On the assessment of aneurysm growth, Dr. Etminan noted that this was a highly problematic area. "This needs to be assessed by serial imaging, but the problem is that aneurysms are not assumed to grow in a linear way. Rather, they may grow in an episodic manner — at least some aneurysms seem to have growth spurts and then periods of stability. Growth is a sign of instability, but we don't know if we're monitoring it over a period of growth or not."

Dr. Etminan believes that every patient with an aneurysm should have a full evaluation, with all these factors considered.
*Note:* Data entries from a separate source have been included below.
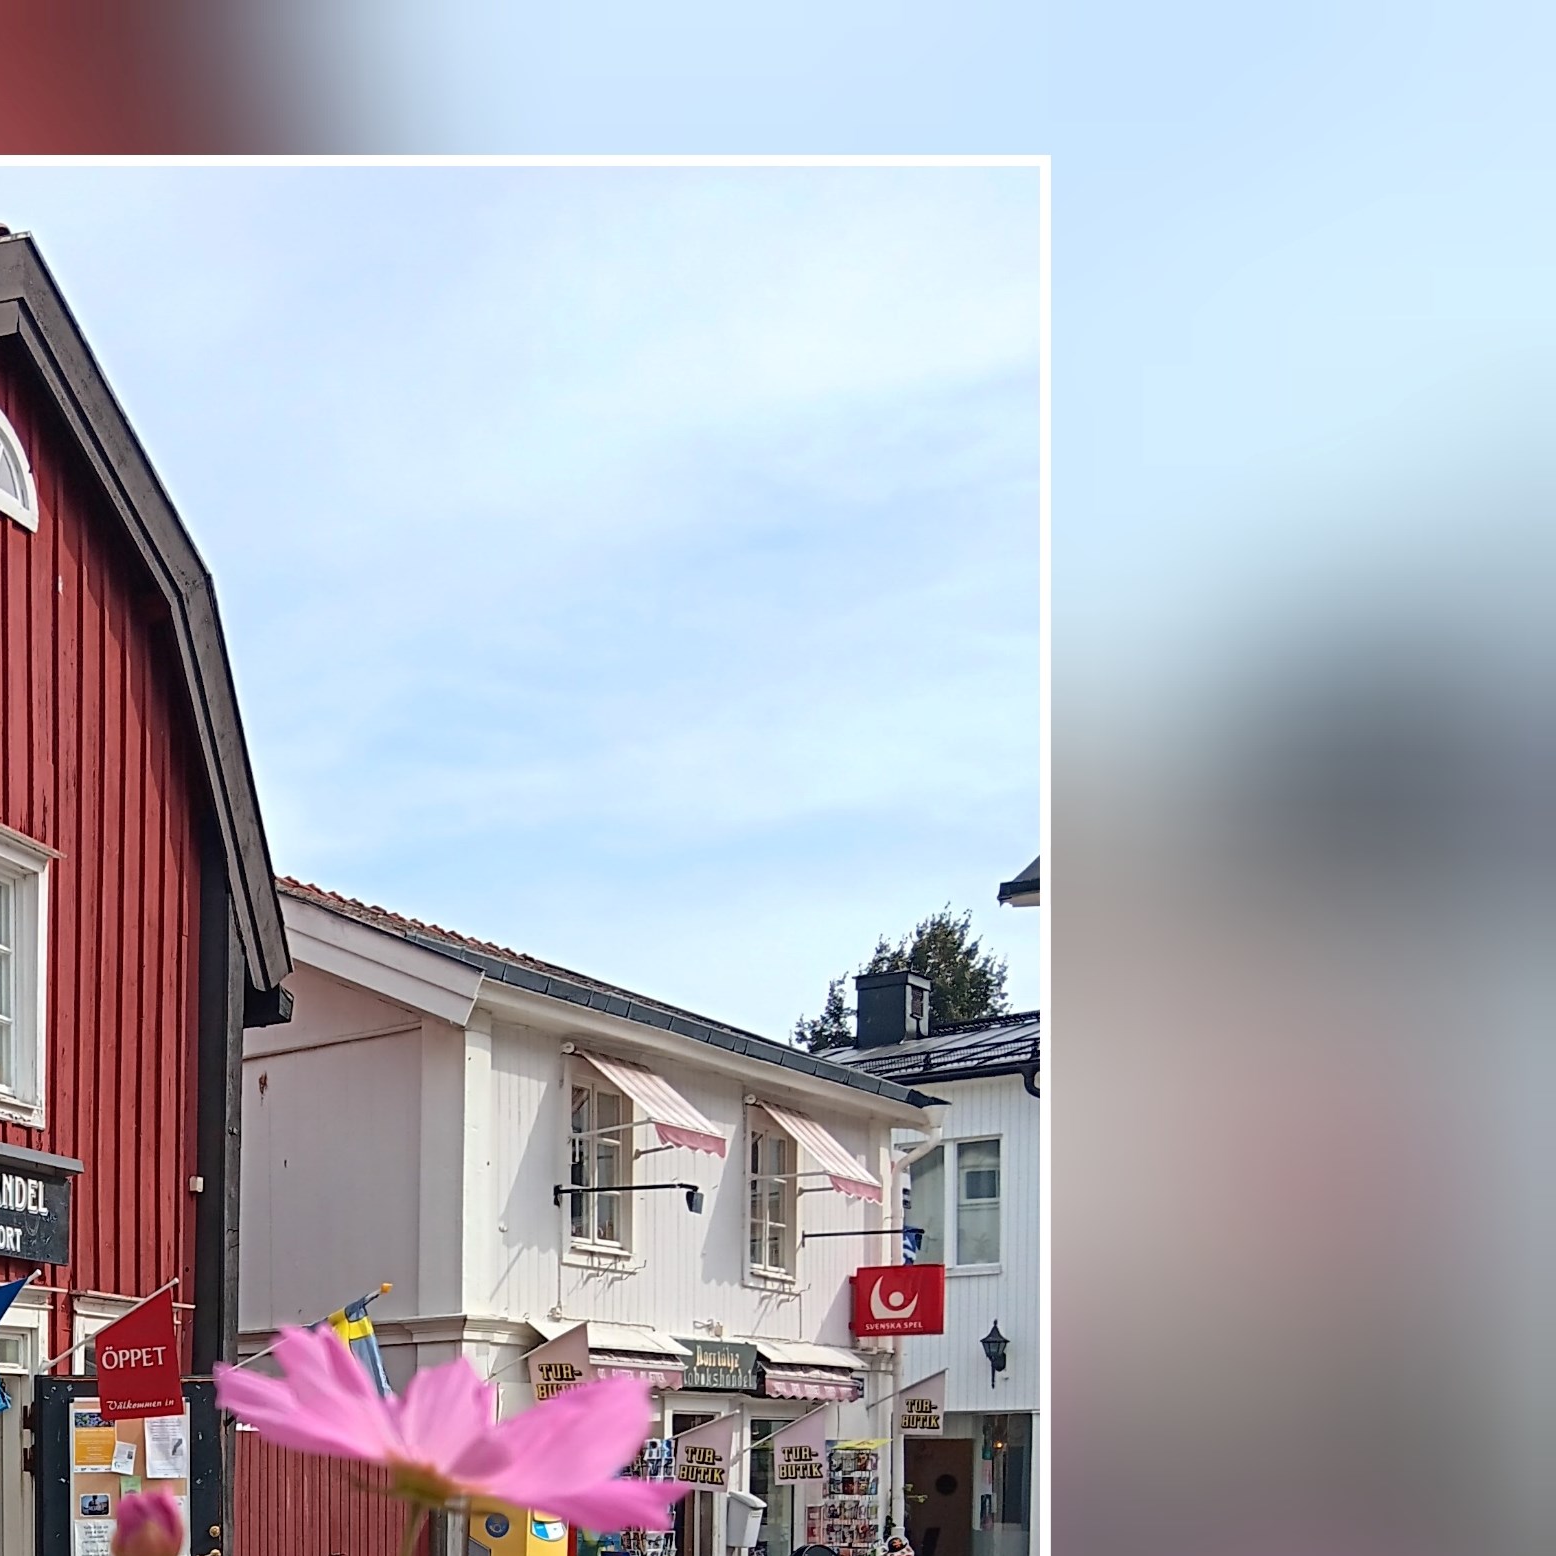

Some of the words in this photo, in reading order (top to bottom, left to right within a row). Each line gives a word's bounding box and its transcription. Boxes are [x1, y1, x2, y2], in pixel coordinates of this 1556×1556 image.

[865, 1322, 902, 1331] SVENSKA
[903, 1321, 923, 1329] SPEL
[101, 1346, 167, 1370] ÖPPET
[106, 1399, 162, 1411] Välkommen
[164, 1398, 174, 1407] in
[901, 1414, 940, 1430] BUTIK
[678, 1465, 725, 1485] BUTIK
[778, 1463, 823, 1479] BUTIK
"If an aneurysm is detected on a scan we advise the clinician to refer the patient to a cerebrovascular specialist who can make an informed decision with the patient on the way forward. The many different risk factors discussed in this paper should be taken into account. The estimation of the natural history of an unruptured aneurysm is far more complicated than just taking a quick look at size and location."

Scores in Development

On the basis of the consensus reached in this paper, the authors have developed a preliminary score — known as the Unruptured Intracranial Aneurysm Treatment Score (UIATS) — described in a presentation at the recent American Heart Association/American Stroke Association International Stroke Conference in San Diego, California. Dr. Etminan emphasized the early nature of the score.

"There is still a lot we don't know," he said, "and it is hard to account accurately for many of the factors that we do know about, such as life expectancy. We have validated the first version of the score but it will need further validation."

Another score for evaluating unruptured aneurysms — the PHASES score — has also been reported recently. Dr. Etminan explained that the PHASES score is based on a meta-analysis of various prospective observational studies. The overall predictive value of the score is unclear because of some potential patient selection bias in the included studies and also different definitions for outcome measures, which limit the ability to pool all the data. "The difference is that PHASES basically reflects well the existing evidence, but mainly based on the most common data elements between these studies, and if validated, the UIATS system will include numerous additional factors that could not be accounted for in PHASES. The principal investigators of the underlying trials are part of our panel to develop and validate the UIATS system," he added.